About this task: What is needed is an exact copy of the entries below, with every picture left out.

· · · · · · ·

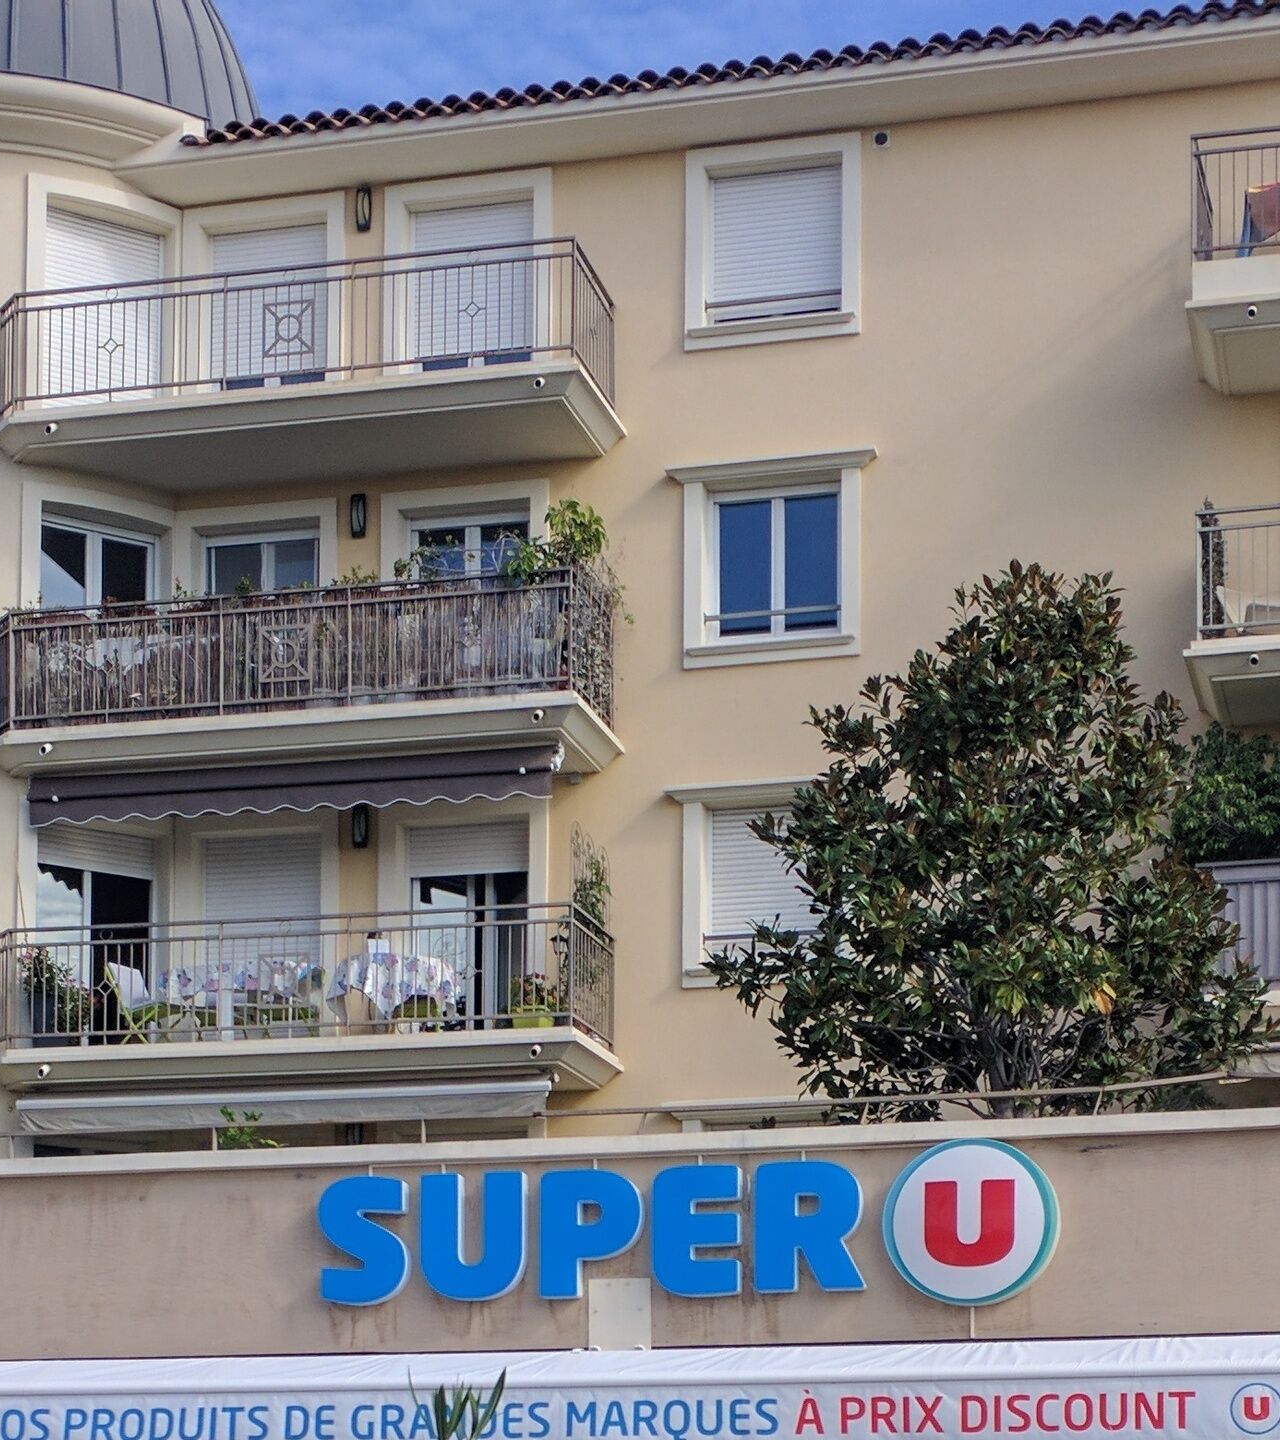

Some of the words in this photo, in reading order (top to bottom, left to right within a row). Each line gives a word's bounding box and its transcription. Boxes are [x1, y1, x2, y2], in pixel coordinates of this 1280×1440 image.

[318, 1160, 867, 1306] SUPER
[923, 1179, 1016, 1267] U
[284, 1404, 335, 1440] DE
[795, 1388, 825, 1435] À
[840, 1395, 944, 1434] PRIX
[959, 1390, 1196, 1433] DISCOUNT
[1243, 1395, 1271, 1421] U

· · · · · · ·

Exercise output:
Some of the words in this photo, in reading order (top to bottom, left to right within a row). Each line gives a word's bounding box and its transcription. Boxes are [x1, y1, x2, y2], in pixel coordinates of this 1280×1440 image.

[318, 1160, 867, 1306] SUPER
[923, 1179, 1016, 1267] U
[284, 1404, 335, 1440] DE
[795, 1388, 825, 1435] À
[840, 1395, 944, 1434] PRIX
[959, 1390, 1196, 1433] DISCOUNT
[1243, 1395, 1271, 1421] U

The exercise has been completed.